I wondered aloud whether she would be going away once her business had been completed. Duncan wasn't sure, but I didn't have to ask what he would do then. I knew, because I knew all about obsession. He would follow her, even if she went to the ends of the earth.

She would be a tough nut to crack, but I didn't think she'd be impossible. In my more optimistic moments, I saw Violet Westron as a challenge.

I was besotted all over again, and it was worse than before. I couldn't concentrate on anything else. I went home and drank a bottle of cheap wine. For the first time in my life I bought a packet of cigarettes and painstakingly smoked every last one of them, even though they made me cough and splutter. I awoke in the middle of the night with a parched throat and a throbbing headache, and all I could think about was the memory of those eyes. There had been danger in them, yet I had chosen to ignore it.

That night I sat up in bed, browsing fitfully through some of the art books I had taken out on more or less permanent loan from the college library. Somewhere at the back of my brain was something I knew I had to try and remember, but I couldn't think clearly enough to keep it in focus. I turned the pages of Symbolist Painters , making faces at the sphinxes and shady women. I'd always liked those pictures before, but now they reminded me of her .

My subconscious must have been working overtime, because suddenly what I'd been trying to remember was right in front of me.
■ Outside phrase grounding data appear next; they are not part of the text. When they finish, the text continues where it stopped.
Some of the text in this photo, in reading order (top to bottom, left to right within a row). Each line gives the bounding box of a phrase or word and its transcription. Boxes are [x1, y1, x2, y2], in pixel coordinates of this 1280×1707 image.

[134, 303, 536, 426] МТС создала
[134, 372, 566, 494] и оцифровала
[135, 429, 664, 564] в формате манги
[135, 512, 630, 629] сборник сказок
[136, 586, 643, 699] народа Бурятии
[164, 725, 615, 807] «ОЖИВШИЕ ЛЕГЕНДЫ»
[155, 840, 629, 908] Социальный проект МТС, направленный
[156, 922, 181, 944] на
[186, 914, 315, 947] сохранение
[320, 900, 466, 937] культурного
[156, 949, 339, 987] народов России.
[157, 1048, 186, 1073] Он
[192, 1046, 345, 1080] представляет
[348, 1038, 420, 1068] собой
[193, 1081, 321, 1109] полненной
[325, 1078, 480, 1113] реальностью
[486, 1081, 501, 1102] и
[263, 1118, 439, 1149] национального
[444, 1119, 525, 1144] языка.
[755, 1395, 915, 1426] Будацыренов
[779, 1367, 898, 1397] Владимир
The picture of an abandoned city, water gently lapping against its closed doors. The artist's name was Khnopff. I scanned the text until I found what I hadn't known I was looking for. 'The great painter of the Sphinx-Woman was the Belgian artist Khnopff (1858–1921). '

Perhaps I'd remembered it incorrectly, or perhaps Duncan had got the name confused. I leafed through some of the other pages. Perhaps it had been Kubin (1877–1959) or Kupka (1871–1957). But no — he had definitely said Khnopff. 1858–1921 . I had to read it several times before the significance of the dates sank in.

Khnopff had died in 1921. If she had been telling the truth, if he really had painted her portrait — even if she'd been a child at the time — it would mean she was a lot older than she looked.
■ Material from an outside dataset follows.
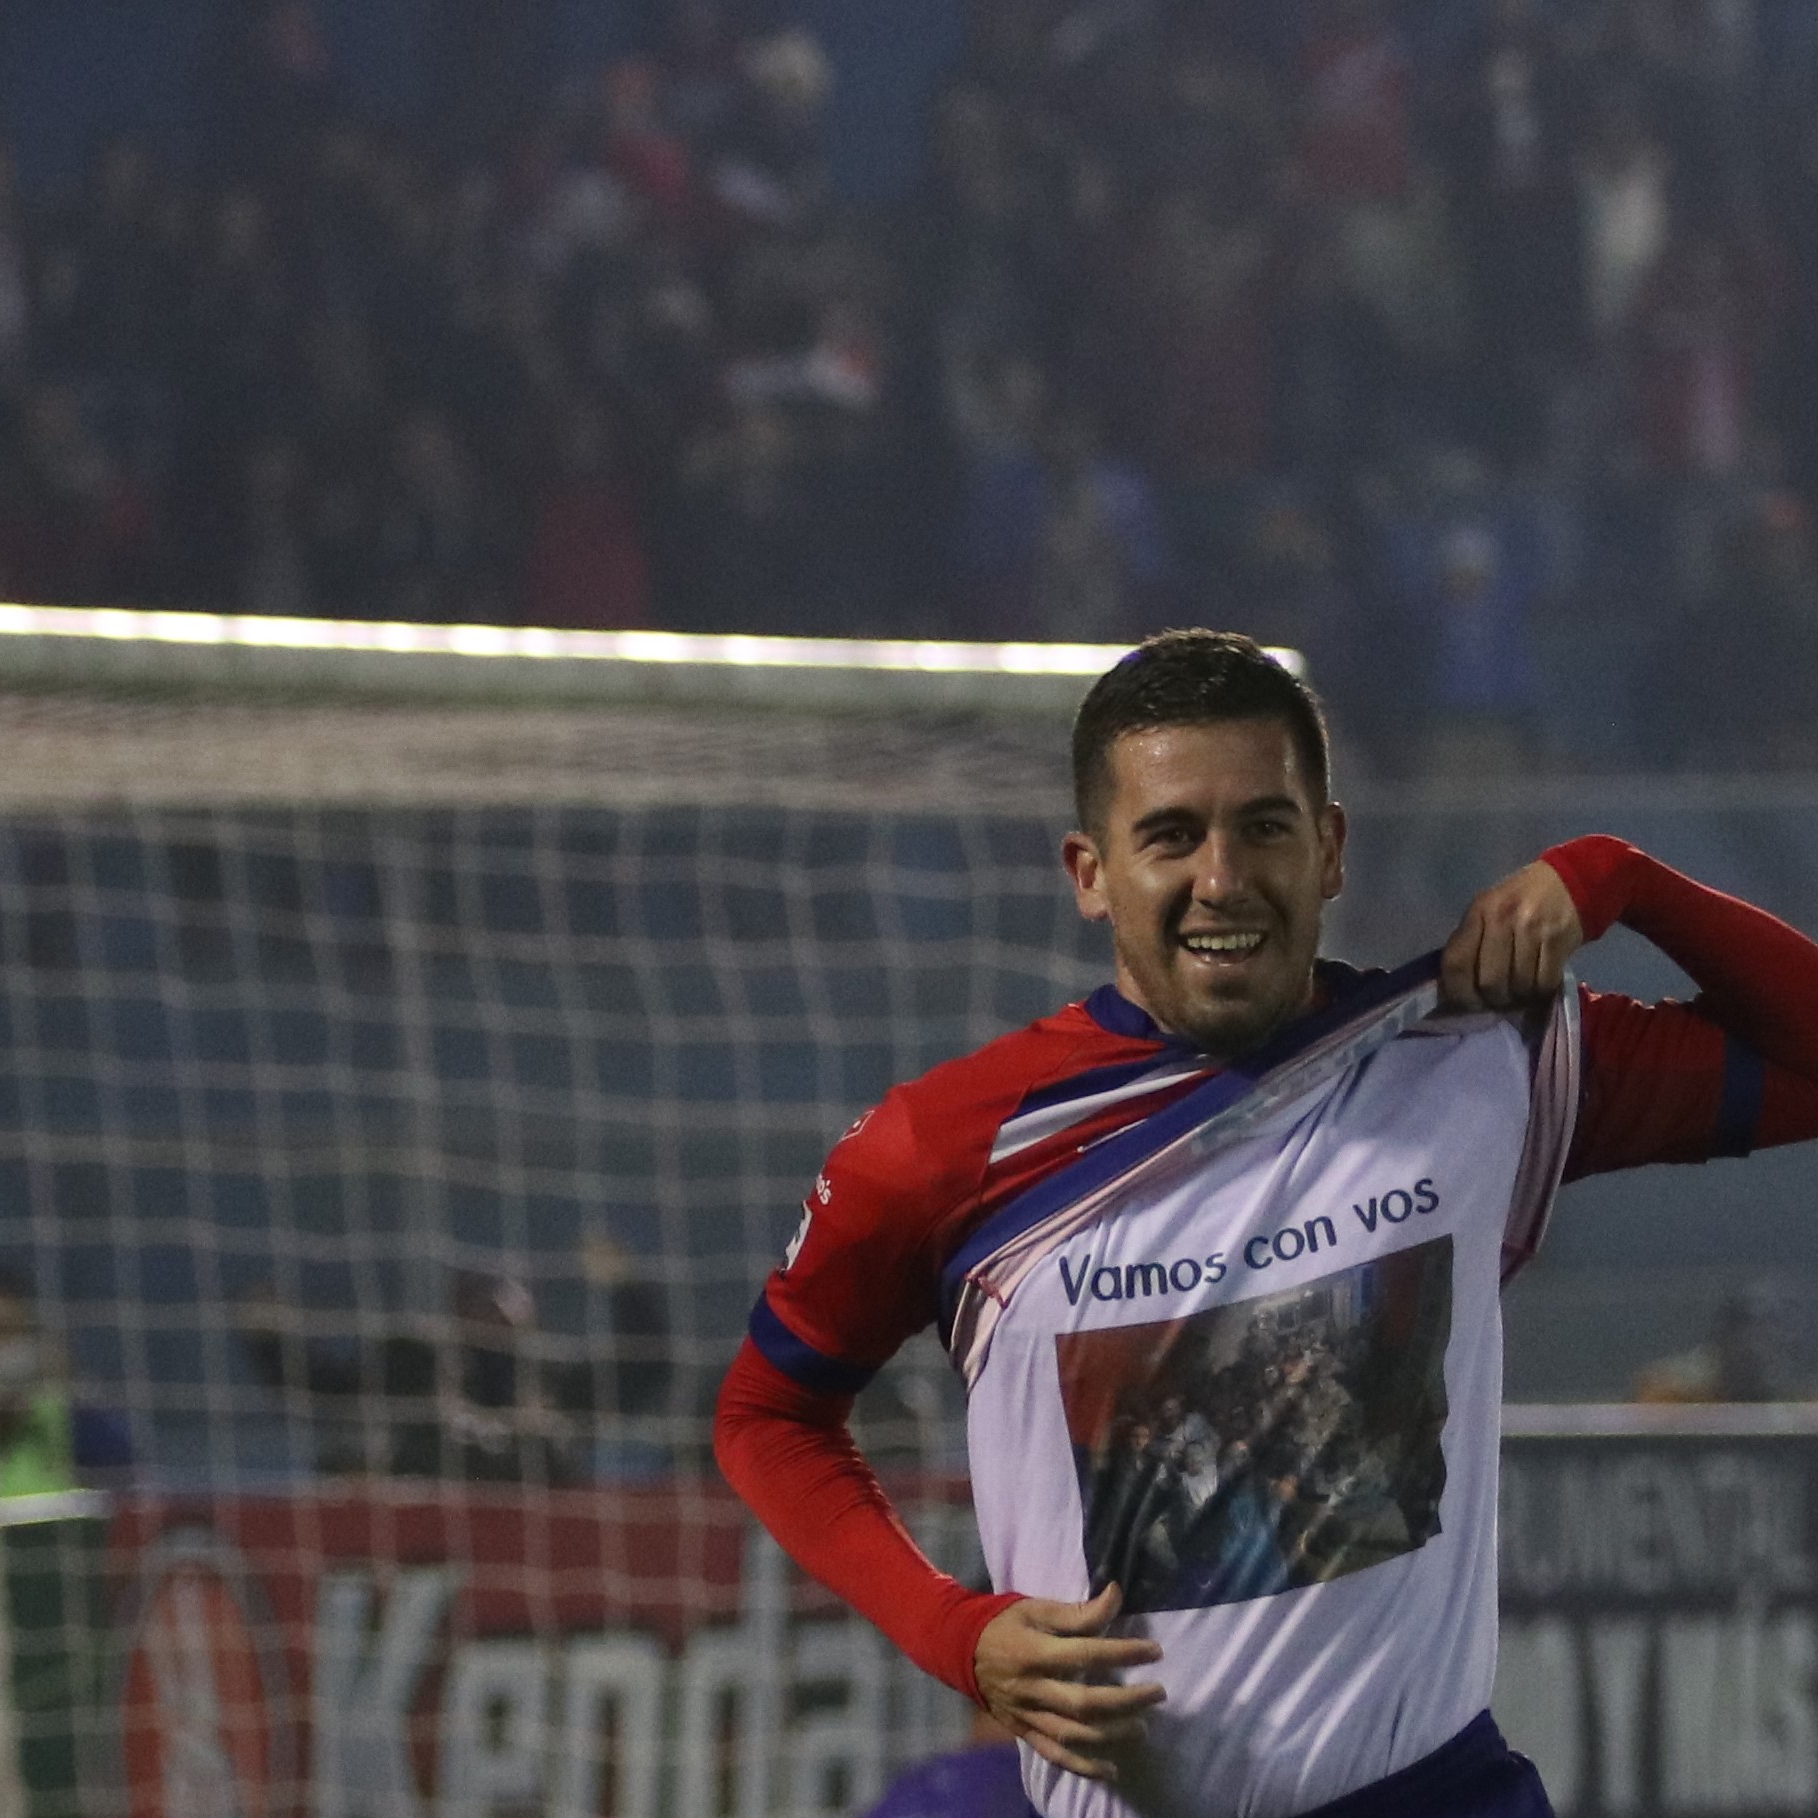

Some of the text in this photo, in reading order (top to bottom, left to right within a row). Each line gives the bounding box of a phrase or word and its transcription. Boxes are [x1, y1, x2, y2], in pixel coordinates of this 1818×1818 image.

[1059, 1177, 1440, 1307] Vamos con vos
I reckoned she was at least sixty.

In the weeks that followed, I would occasionally spot Duncan wandering around with a somnolent expression on his face. Sometimes he noticed me and said hello. More often he seemed lost in his own little world, hardly speaking to anyone. Once or twice I heard him humming — that drinking song from La Traviata again, and something or other from La Boheme , and one or two other things I didn't recognize. Duncan had never much cared for opera, but now he was obviously getting an education in it.
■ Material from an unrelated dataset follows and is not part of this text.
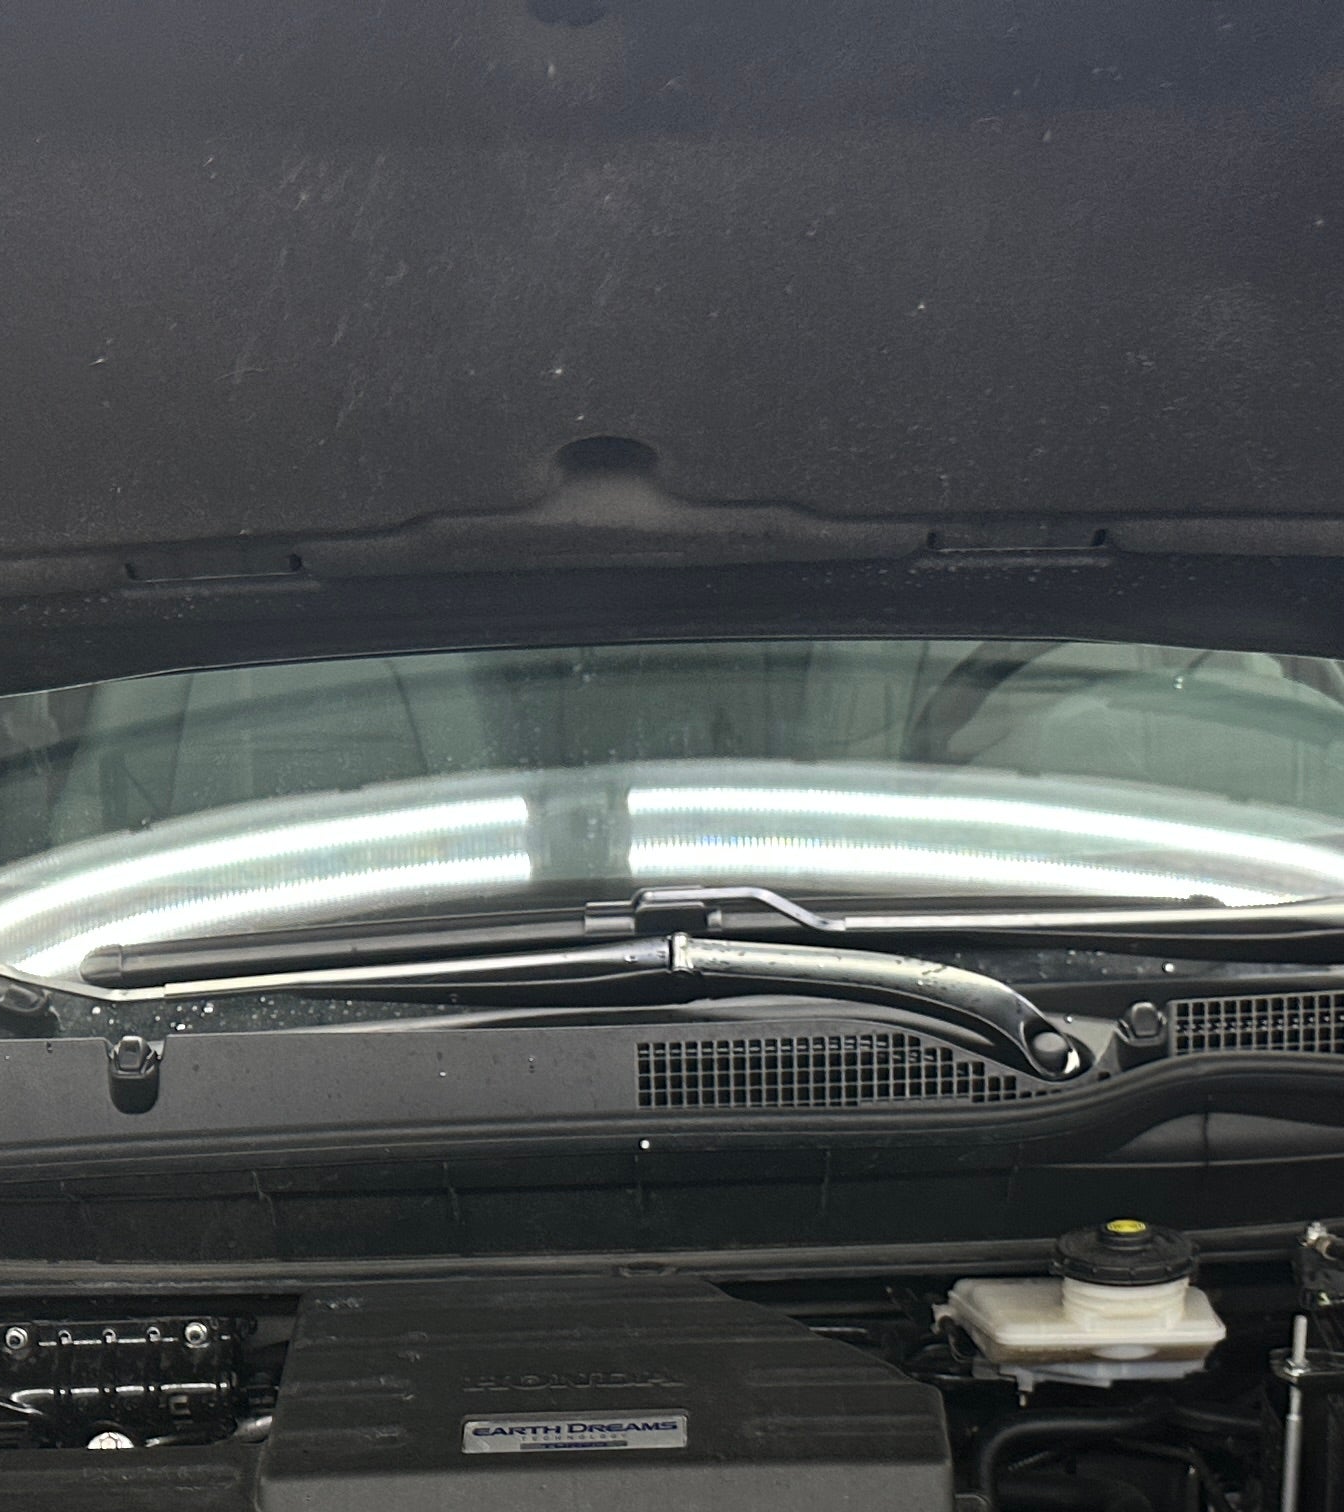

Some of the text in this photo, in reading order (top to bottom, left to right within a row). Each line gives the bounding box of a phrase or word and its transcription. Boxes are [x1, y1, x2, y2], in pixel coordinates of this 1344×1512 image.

At the end of the day, I would hang around long after everyone else had gone home, hoping against hope that he would come by and invite me out for a drink, just for old times' sake — but he never did. As far as he was concerned, I'd ceased to exist. Entire days would go by when I didn't see him at all. People noticed his absence, and made comments. Ruth, one of the few people aware we'd been seeing each other, asked me if he was all right. Then she saw something in my expression and asked me if I was all right. 'I'm fine ,' I snapped, and she knew better than to ask again.